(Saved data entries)
****************

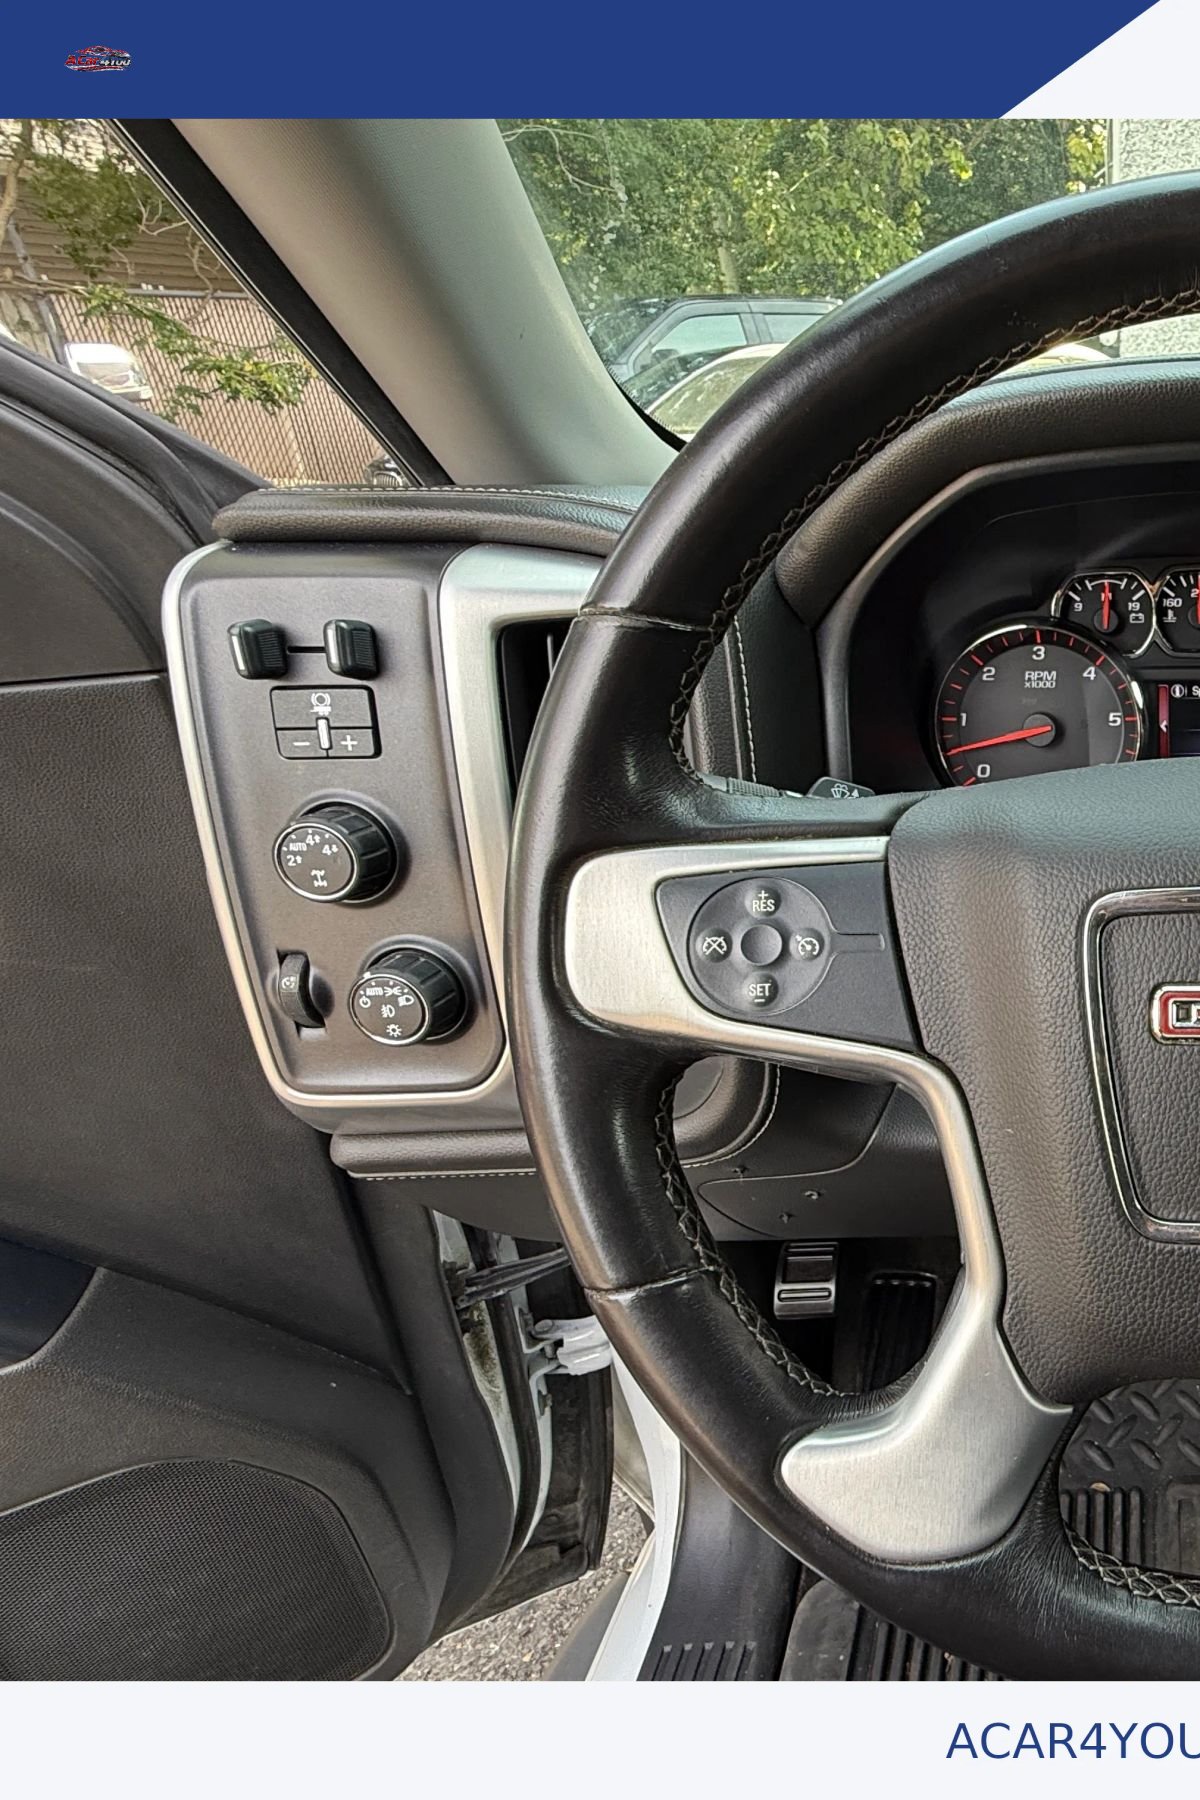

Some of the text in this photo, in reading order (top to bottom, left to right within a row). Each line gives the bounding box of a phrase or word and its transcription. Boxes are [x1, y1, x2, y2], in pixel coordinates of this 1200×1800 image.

[1074, 603, 1083, 612] 9
[1128, 602, 1140, 612] 19
[1162, 598, 1182, 608] 160
[1032, 645, 1045, 660] 3
[982, 667, 996, 681] 2
[1024, 671, 1057, 680] RPM
[1083, 666, 1097, 680] 4
[1024, 680, 1056, 689] x1000
[960, 712, 967, 727] 1
[1108, 712, 1122, 727] 5
[977, 764, 991, 778] 0
[752, 899, 775, 912] RES
[749, 983, 771, 997] SET
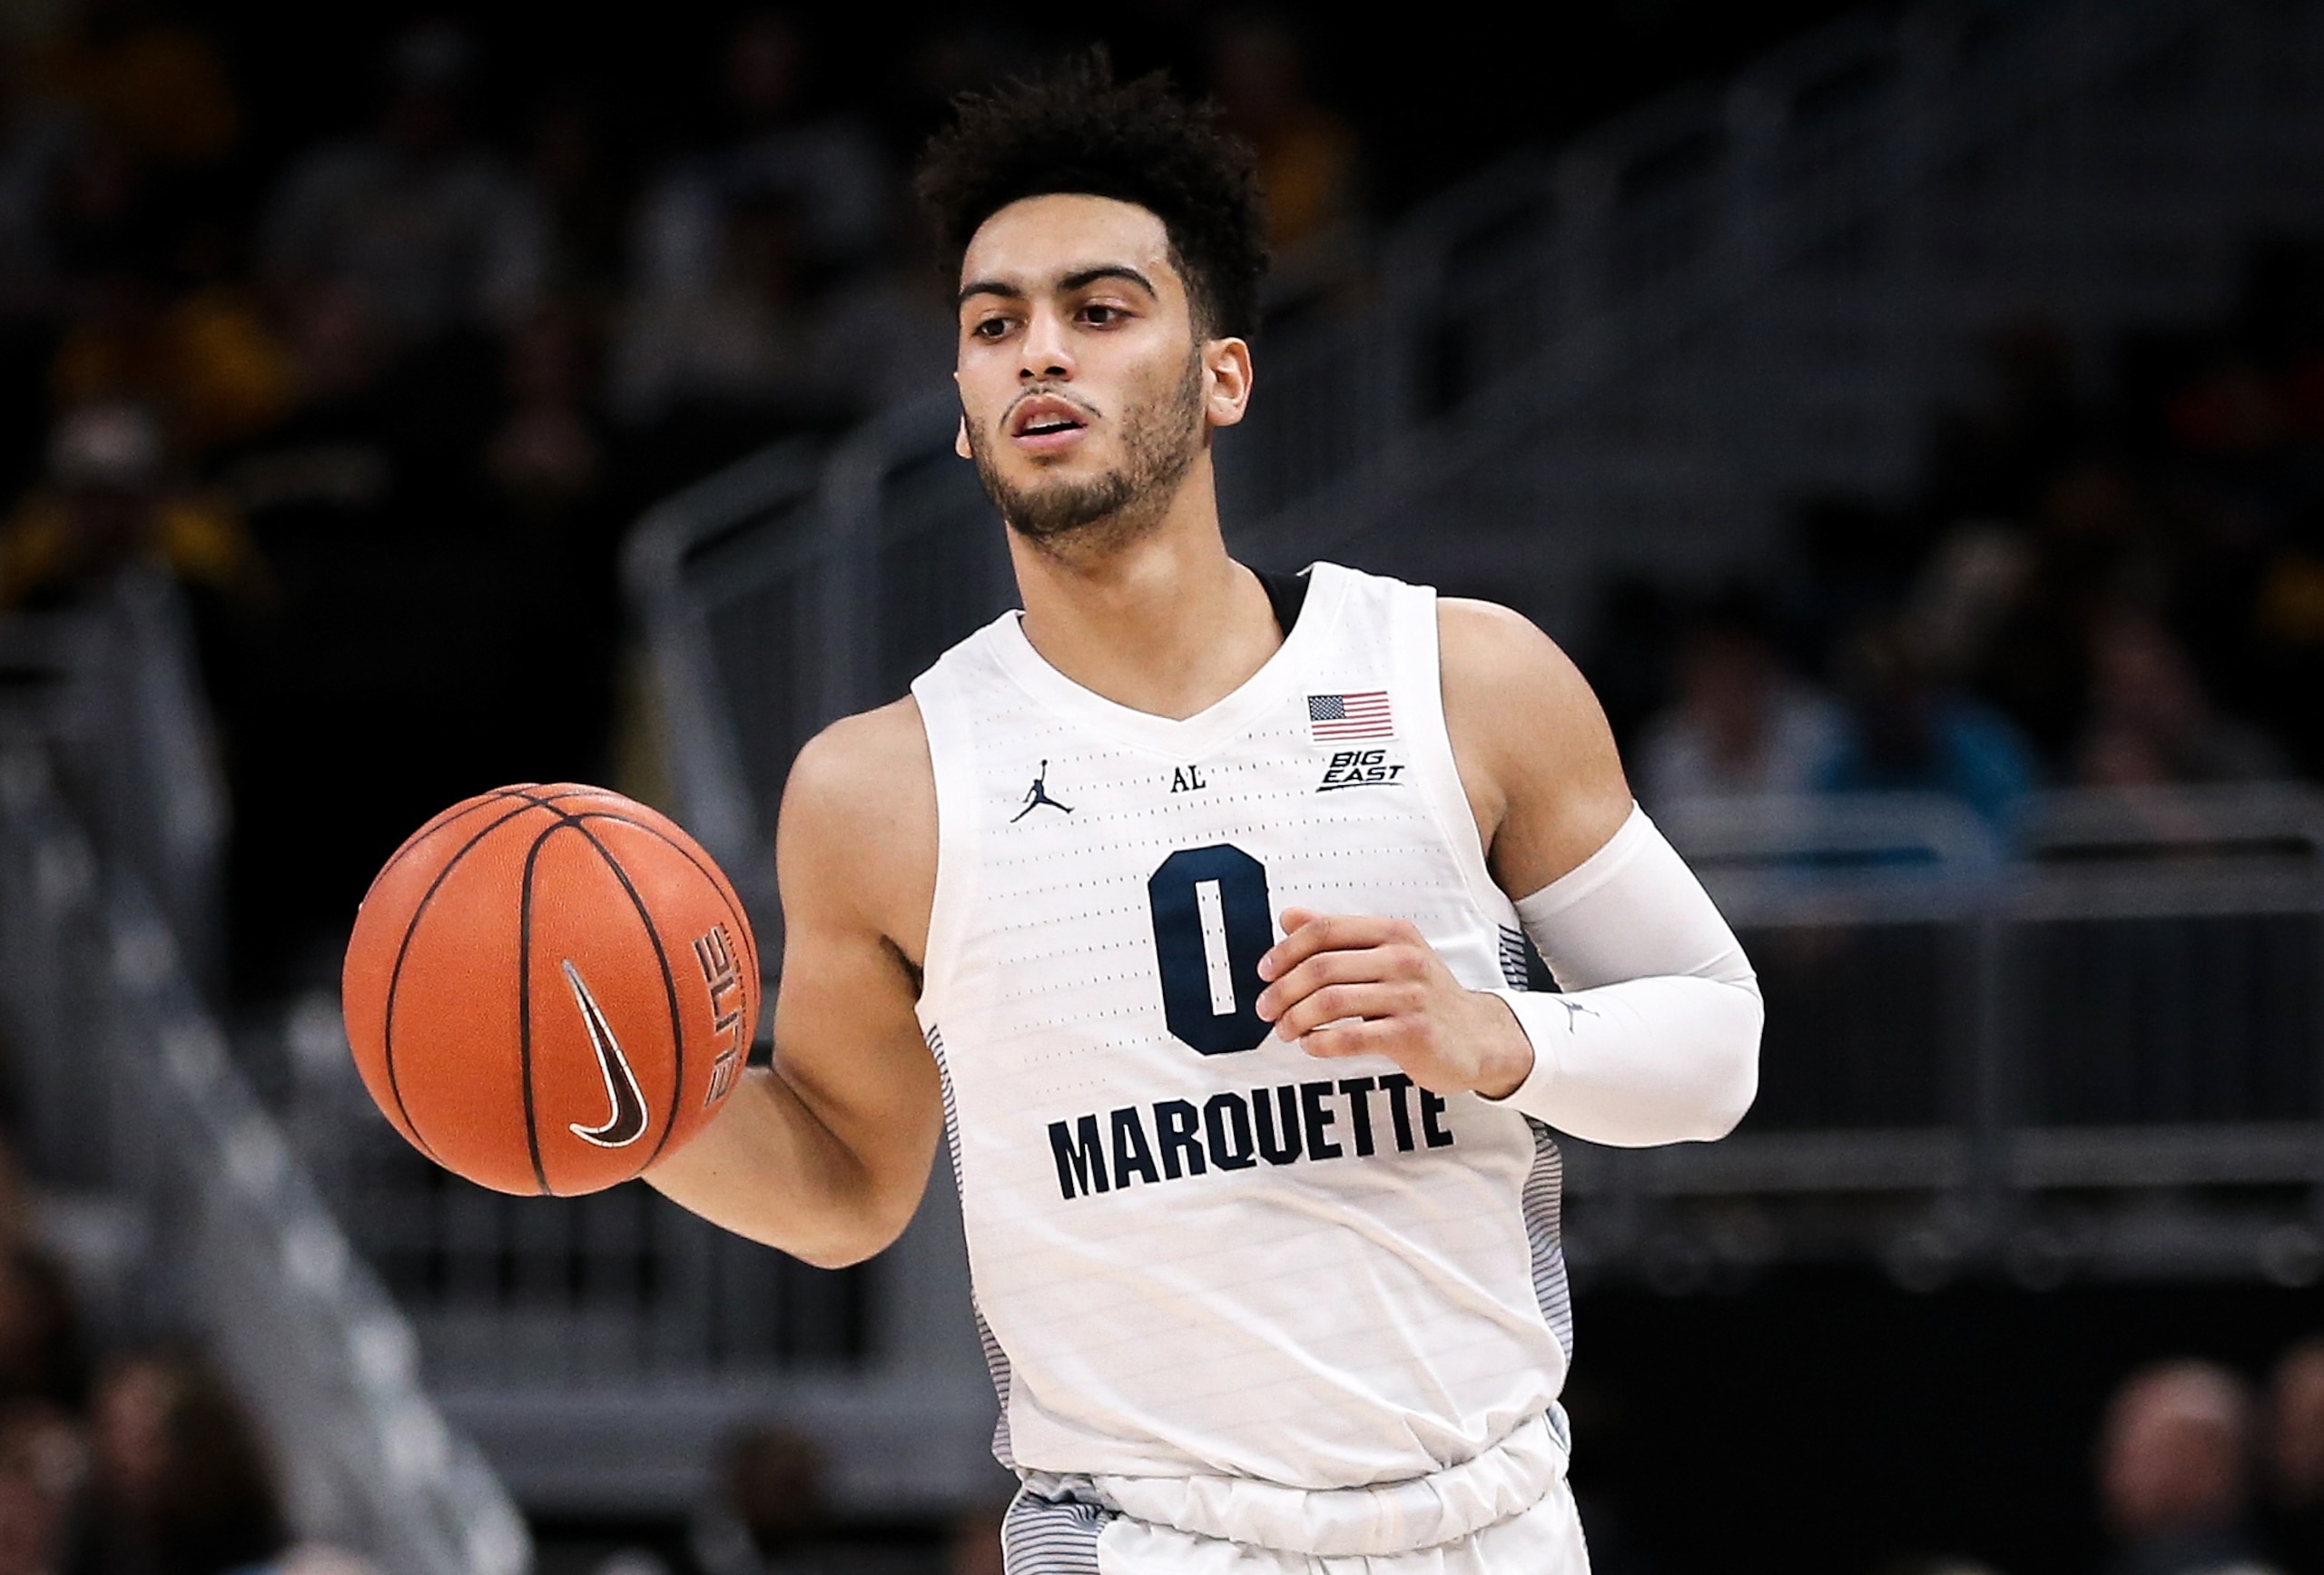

****************

# [HOW TO COMPLETE THIS TASK]
Print each record as it appears above, dropping every picture from the copy.

# [SOLUTION FOR THIS EXERCISE]
Some of the text in this photo, in reading order (top to bottom, left to right within a row). Each line gives the bounding box of a phrase or word and its transcription. Boxes are [x1, y1, x2, y2], in pixel coordinates of this 1200×1800 image.

[1074, 603, 1083, 612] 9
[1128, 602, 1140, 612] 19
[1162, 598, 1182, 608] 160
[1032, 645, 1045, 660] 3
[982, 667, 996, 681] 2
[1024, 671, 1057, 680] RPM
[1083, 666, 1097, 680] 4
[1024, 680, 1056, 689] x1000
[960, 712, 967, 727] 1
[1108, 712, 1122, 727] 5
[977, 764, 991, 778] 0
[752, 899, 775, 912] RES
[749, 983, 771, 997] SET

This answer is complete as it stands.